Search

Cambodian Connection

March 06, 2012

More than four months of construction, three years of planning and $40,000 of fundraising culminated Oct. 2 in the dedication of the new Samreth Methodist Church in Cambodia, as congregants from churches throughout Kampong Thom Province gathered to celebrate with their supporters and partners in ministry from First United Methodist Church in Baton Rouge.

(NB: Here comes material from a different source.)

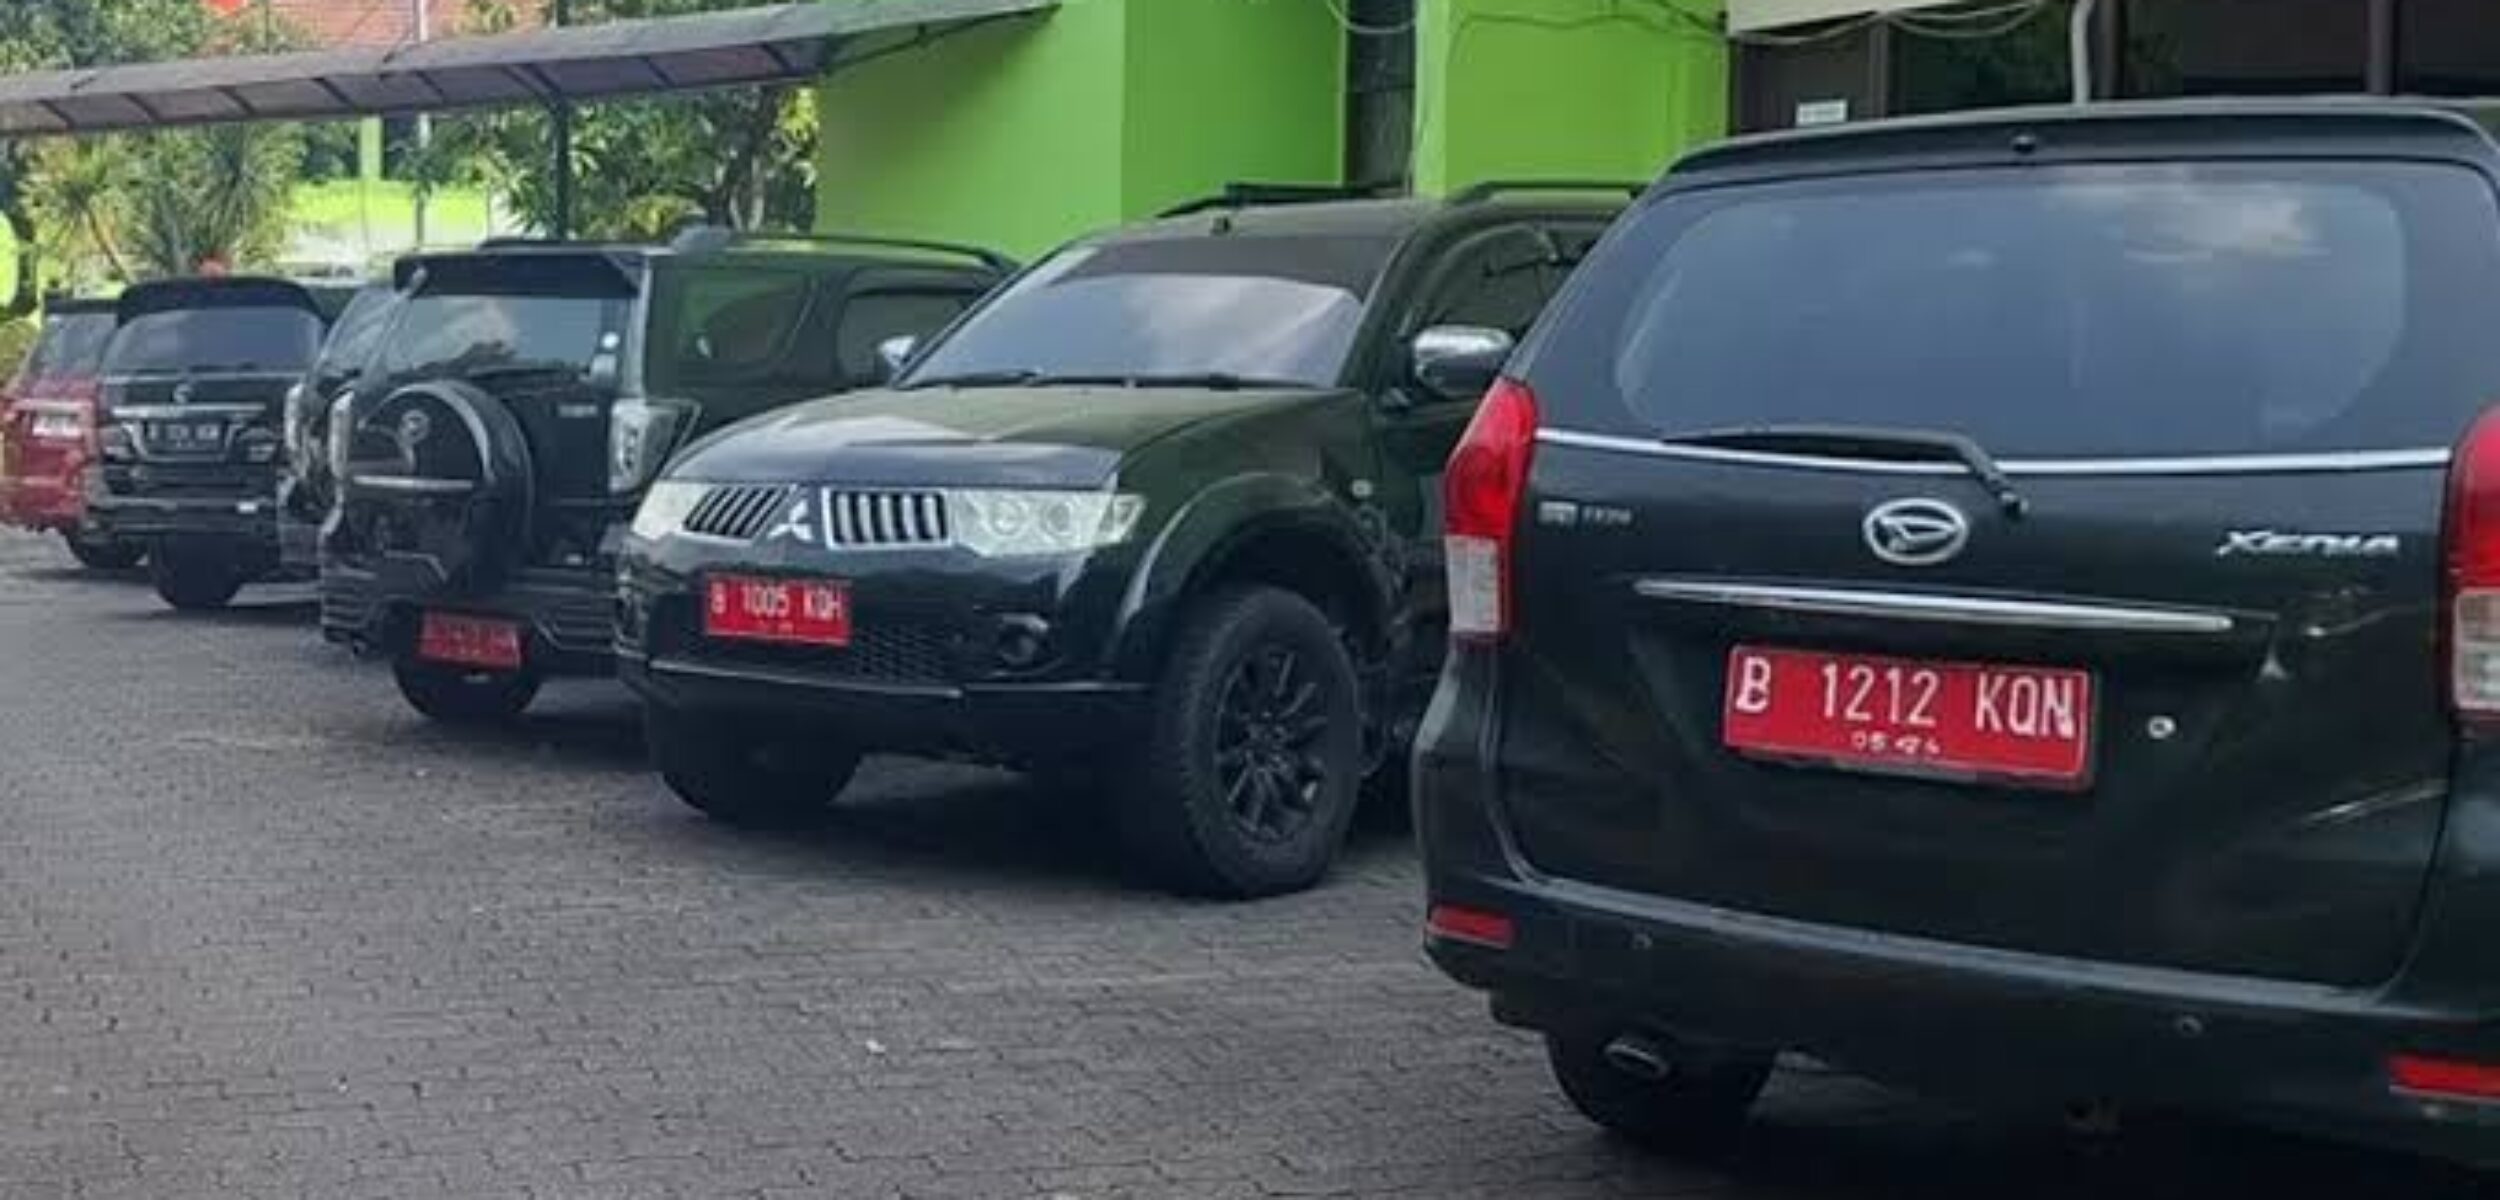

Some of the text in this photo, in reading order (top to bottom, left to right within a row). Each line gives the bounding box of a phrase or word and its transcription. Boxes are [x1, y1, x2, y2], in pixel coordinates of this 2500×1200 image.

Nine members of the Baton Rouge United Methodist Church traveled to Cambodia to witness the dedication as emissaries from their home congregation, which donated $35,000 to construct the new church. Team leaders Judy Foust and Cooky Coffy helped cut the ribbon to mark the official church opening.
 
The day was full of excitement as 300 Methodist church members from across the province gathered to sing hymns, watch traditional Khmer dances, eat a fellowship meal together, and most importantly, pray for the future of the new building and its congregants.
 
The new building sits on land donated by GBGM missionaries Marilyn and Joseph Chan as well as U.S. supporter Barbara Aitken.
The building measures over 1,700 square feet, including space for a pastor’s office and a music room. The sanctuary itself takes up the bulk of the three-room church and can hold upwards of 300 people.
 
The new sanctuary was filled to capacity for its first official service on Oct. 2, as the crowd of members from Samreth and other area churches, along with curious spectators, clapped and sang to the rhythm of favorite Khmer hymns played on traditional Cambodian instruments — the roneath, khum, and trouh. The sounds of plucking and strumming, drumming and clapping resonated off the tile floors and walls as the congregation’s musicians used their gifts to consecrate the building.
 
The children and youth of the church contributed their talents to the dedication ceremony, with children singing a special song and the youth performing several traditional Khmer dances, complete with ornate costumes befitting such an occasion. Many of the youth participating in the dances stand to benefit from the church’s newest ministry, which its partners are facilitating in conjunction with the new church building.
 
In addition to financing the church and parsonage, First UMC in Baton Rouge also raised funds to support the construction of a youth dormitory that will allow students studying at the high school next door to the church — the only school around for kilometers — to lodge at the school during the week.
 
The scheme facilitates’ the youths’ education by giving them a way around the long and arduous daily journey home by foot or bicycle, an undertaking that would prevent many of them from going to school in the first place.
 
In fact, the delegation from Baton Rouge pitched in on the construction site during the week they spent at the church prior to the dedication. Team members sweated alongside local youth, hauling dirt, mixing cement and laying bricks. By week’s end, the foundation and two walls were standing tall at the dormitory site directly behind the church. The building was completed shortly after their departure.
 
Others from the Louisiana team spent their week putting on a Vacation Bible School program for 40 of the church’s children. Laughter filled the sanctuary of the church each day as the kids partook the traditional VBS activity genre — arts and crafts, group games, and singing and dancing — providing their own consecration of the new building. The children capped off their week by learning a special dual language English-Khmer version of “I Love My Jesus Deep Down in My Heart,” which they had the chance to perform at the official dedication service on Sunday.
 
Also during the dedication ceremony, Pastor Roth Oung made it clear to church members and guests that the new building will open to the public for the service of the community. It’s a promise the congregation has already made good on, opening its doors to host a government-funded mosquito net distribution program not long after the dedication, and serving as a conference hall for a meeting of World Vision representatives recently as well as a distribution center for flood victims in this community, which has been devastated by this year’s flooding.